Byłam pod wrażeniem samej siebie, ponieważ nawet kiedy moja widoczność była ograniczona, wycelowałam pięścią idealnie w jego ramię. Chłopak pokręcił głową, nie będąc jednak zaskoczonym moim ruchem.

Bez wątpienia był masochistą.

– Nie przypominam sobie, abym wymawiała teraz twoje imię – odparłam. – I nawet nie licz, że kiedykolwiek się to wydarzy – sprostowałam, aby ten kretyn nie otrzymał pola do rzucania swoimi dwuznacznymi uwagami.
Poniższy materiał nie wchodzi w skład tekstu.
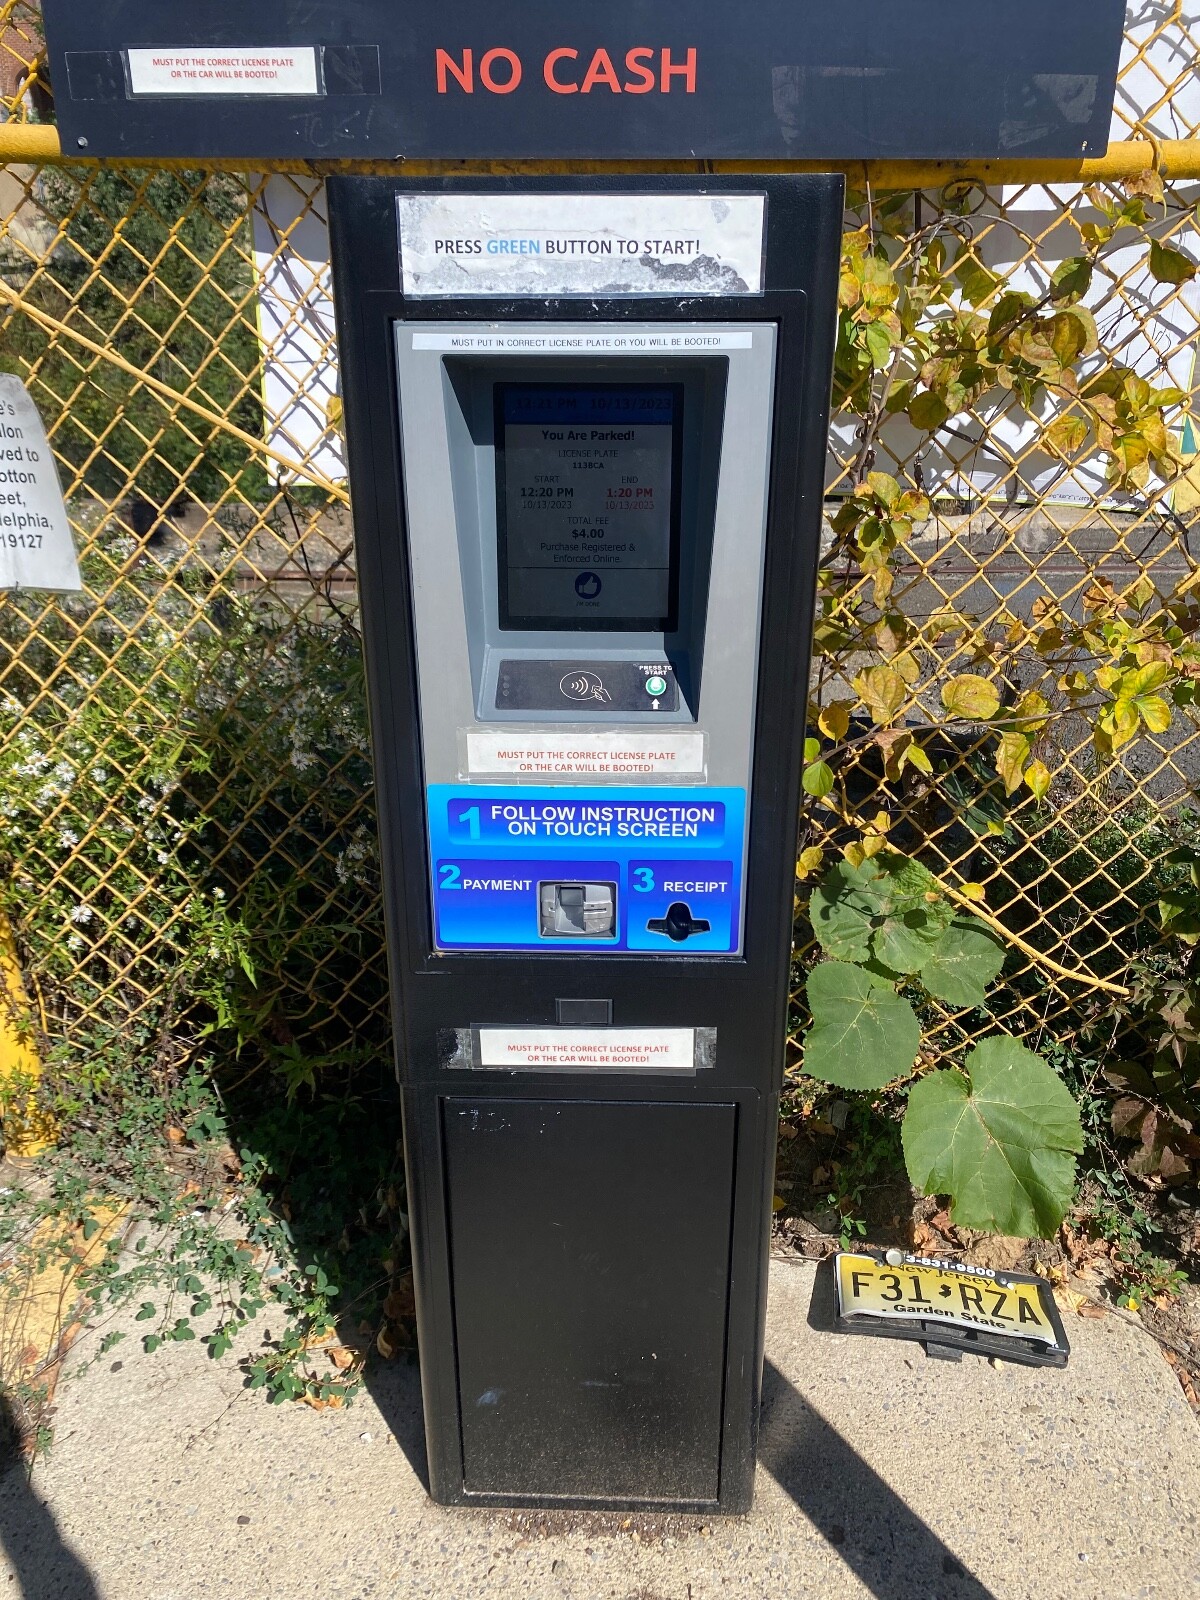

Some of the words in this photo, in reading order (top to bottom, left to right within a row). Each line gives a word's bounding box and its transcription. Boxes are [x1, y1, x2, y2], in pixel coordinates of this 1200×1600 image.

[152, 58, 174, 66] MUST
[176, 58, 190, 66] PUT
[191, 58, 205, 66] THE
[207, 58, 240, 66] CORRECT
[241, 58, 270, 66] LICENSE
[271, 59, 294, 67] PLATE
[170, 70, 182, 78] OR
[244, 71, 277, 79] BOOTED!
[435, 47, 523, 94] NO
[543, 47, 697, 94] CASH
[434, 240, 482, 254] PRESS
[486, 240, 541, 254] GREEN
[546, 240, 612, 254] BUTTON
[616, 240, 638, 254] TO
[644, 240, 700, 254] START!
[451, 339, 474, 347] MUST
[586, 338, 611, 346] PLATE
[614, 338, 627, 346] OR
[629, 338, 646, 346] YOU
[649, 338, 668, 346] WILL
[671, 338, 681, 346] BE
[684, 338, 721, 346] BOOTED!
[557, 397, 577, 409] PM
[590, 397, 671, 410] 10/13/2023
[0, 423, 23, 438] lon
[542, 430, 564, 441] You
[567, 430, 587, 441] Are
[591, 430, 635, 441] Parked!
[26, 448, 39, 462] to
[558, 449, 590, 458] LICENSE
[591, 449, 618, 458] PLATE
[0, 469, 36, 484] otton
[534, 475, 559, 483] START
[520, 487, 553, 497] 12:20
[557, 487, 574, 497] PM
[607, 488, 632, 497] 1:20
[636, 488, 653, 497] PM
[0, 491, 25, 507] eet,
[522, 500, 572, 510] 10/13/2023
[605, 501, 654, 510] 10/13/2023
[0, 512, 53, 530] elphia,
[568, 516, 592, 524] TOTAL
[572, 528, 604, 539] $4.00
[0, 533, 43, 549] 19127
[540, 543, 578, 551] Purchase
[582, 543, 626, 553] Registered
[629, 543, 636, 551] &
[553, 555, 590, 563] Enforced
[497, 751, 525, 759] MUST
[526, 751, 545, 759] PUT
[546, 751, 564, 759] THE
[566, 751, 608, 759] CORRECT
[610, 752, 646, 760] LICENSE
[648, 752, 676, 760] PLATE
[575, 764, 597, 772] WILL
[599, 764, 611, 772] BE
[612, 764, 654, 772] BOOTED!
[491, 805, 576, 821] FOLLOW
[581, 807, 715, 822] INSTRUCTION
[458, 806, 481, 840] 1
[508, 822, 536, 836] ON
[542, 822, 611, 836] TOUCH
[617, 822, 698, 837] SCREEN
[438, 864, 462, 890] 2
[463, 879, 532, 891] PAYMENT
[632, 867, 656, 892] 3
[663, 881, 728, 893] RECEIPT
[936, 1269, 993, 1288] Jersey
[852, 1271, 932, 1303] F31
[958, 1282, 1042, 1326] RZA
[893, 1304, 955, 1318] Garden
[960, 1312, 1006, 1329] State
– Prosiłaś przez sen, żebym ci pomógł – odparł, a ja spojrzałam na niego zdezorientowana. – Więc przytuliłem cię i chyba podziało.

– Dziękuję – przerwałam mu. – I jeszcze raz przepraszam za problem.

Chłopak przytaknął, a następnie odwrócił się plecami do mnie, rzucając ciche dobranoc. Sama postanowiłam również się położyć, jednak ja zwróciłam się w stronę Connie, która zaraz przed wyłączeniem filmu stwierdziła, że nie chce spać koło Dylana, ponieważ rzekomo głośno chrapie.

W rzeczywistości to ona chrapała sto razy głośniej.

Przez dobre piętnaście minut przewracałam się z boku na bok. Jednak ilekroć zamykałam oczy, widziałam obraz tej obrzydliwej zjawy. Przysięgłam sobie, że już nigdy nie obejrzę ani jednego horroru, oraz że nikogo więcej nie wystraszę. Przytuliłam się do pluszaka, jakby to on był gwarancją mojego bezpieczeństwa. Podkuliłam nogi, szukając wygodnej pozycji. Miałam ochotę krzyczeć z bezsilności, którą w tamtym momencie czułam. Spojrzałam na zegarek elektryczny, który wskazywał godzinę piątą, co oznaczało, że niedługo miał nastąpić wschód słońca. Uśmiechnęłam się do siebie, a następnie postanowiłam uciąć swoją mękę w postaci nieudanych prób ponownego zaśnięcia i udać się na werandę. I tak też zrobiłam, mając w głowie wyblakłe wspomnienia czasów, gdy wszystko było nieco prostsze.

Kiedy byłam młodsza, a w nocy śniły mi się koszmary, moje nogi same odnajdywały drogę do pokoju Axela, który pozwalał położyć mi się tuż obok. A kiedy widział, że ponowne zaśnięcie sprawia mi trudność, rozkładał przed domem koc, układając na nim paczki naszych ulubionych ciasteczek. A następnie wspólnie oglądaliśmy moment, w którym niebo staje się jaśniejsze, a noc zmienia się w kolejny dzień pełen wyzwań.

Mimo że teraz u mojego boku nie było Axela, w kapciach w króliczki oparłam się o barierkę na werandzie, czekając na upragniony widok. Wyobrażałam sobie, że jest ze mną mój brat. Że podpowie mi, co powinnam zrobić oraz przytuli, powtarzając, że jestem silna i ze wszystkim sobie poradzę. Niestety ta marna imaginacja nijak miała się do okrutnej rzeczywistości.

Lekki podmuch wiatru owiał moje włosy, a usta wykrzywiły się w niepewnym uśmiechu. Stał się on znacznie szerszy na samą myśl, że Axel miał przyjechać za niespełna dwa dni. A następnie moim ciałem zawładnął stres, ponieważ tak bardzo chciał poznać Seana, który, cóż, był, jaki był.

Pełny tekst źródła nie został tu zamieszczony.